Richard Barrington
- Born: Richard Barrington 24 September 1990 (age 36) Gloucester, England
- Height: 1.86 m (6 ft 1 in)
- Weight: 123 kg (19 st 5 lb)
- University: Hartpury College

Rugby union career
- Position: Loosehead Prop

Amateur team(s)
- Years: Team / Apps / (Points)
- 2011–2012: Hartpury College / 22 / (50)
- Correct as of 1 September 2018

Senior career
- Years: Team / Apps / (Points)
- 2012–2013: Jersey / 22 / (10)
- 2013–2022: Saracens / 232 / (75)
- 2013: → Bedford Blues / 1 / (0)
- 2022–2024: Agen / 35 / (5)
- 2024-: Ampthill / 38 / (10)
- Correct as of 23 May 2022

National sevens team
- Years: Team /  / Comps
- 2011: Curaçao 7s /  / 4

= Richard Barrington (rugby union) =

English rugby union player

Richard Barrington (born 24 September 1990) is an English professional rugby union player. He plays at prop for Saracens. It was announced on 23 May 2022 that he would leave for French Pro D2 club, Agen at the end of the 2021/22 season.
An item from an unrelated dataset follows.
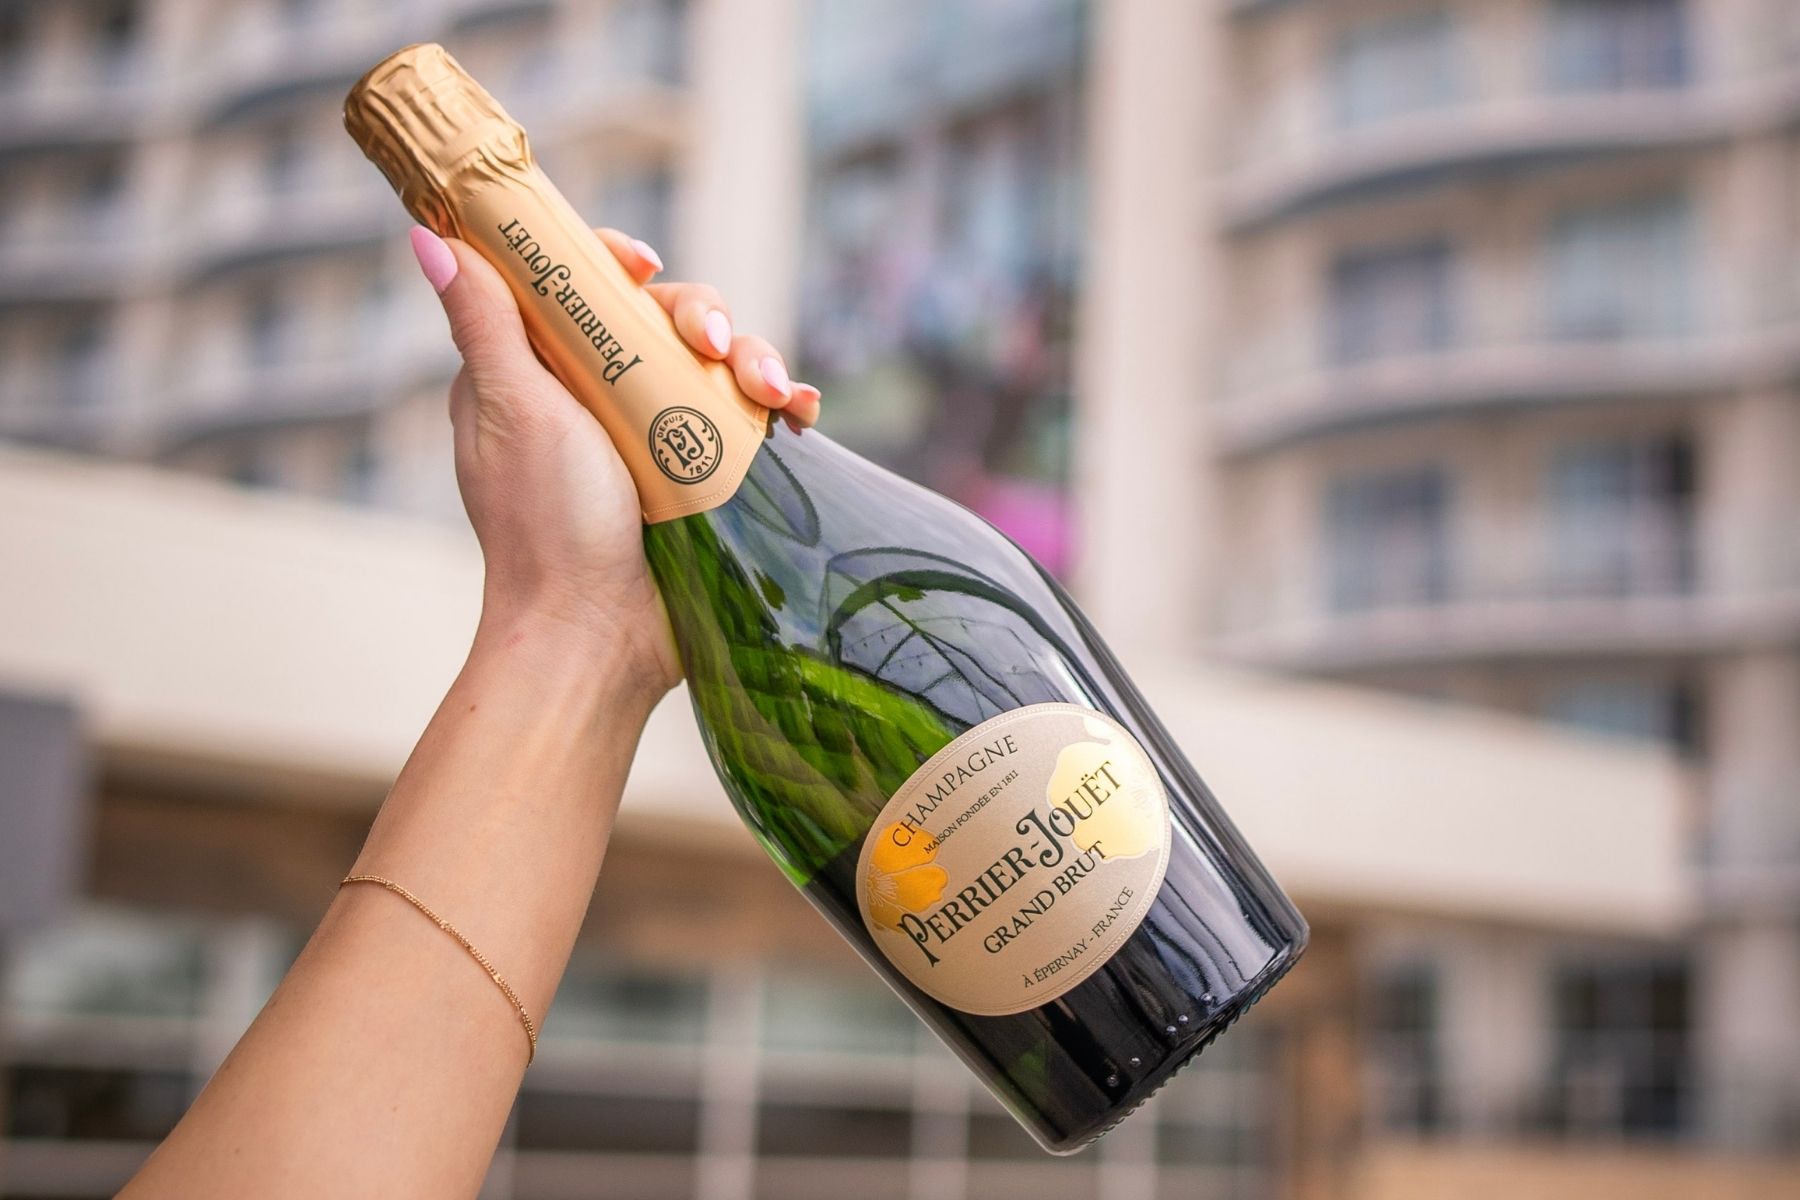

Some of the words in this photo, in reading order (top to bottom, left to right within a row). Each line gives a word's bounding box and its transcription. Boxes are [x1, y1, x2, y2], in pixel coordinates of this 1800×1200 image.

During his time at Saracens he won four Premiership titles in 2015, 2016, 2018 and 2019, with Barrington featuring in all four finals. He also helped Saracens win the European Champions Cup in 2016, 2017 and 2019, though missed the 2017 final through injury. He will remain at Saracens until at least 2022.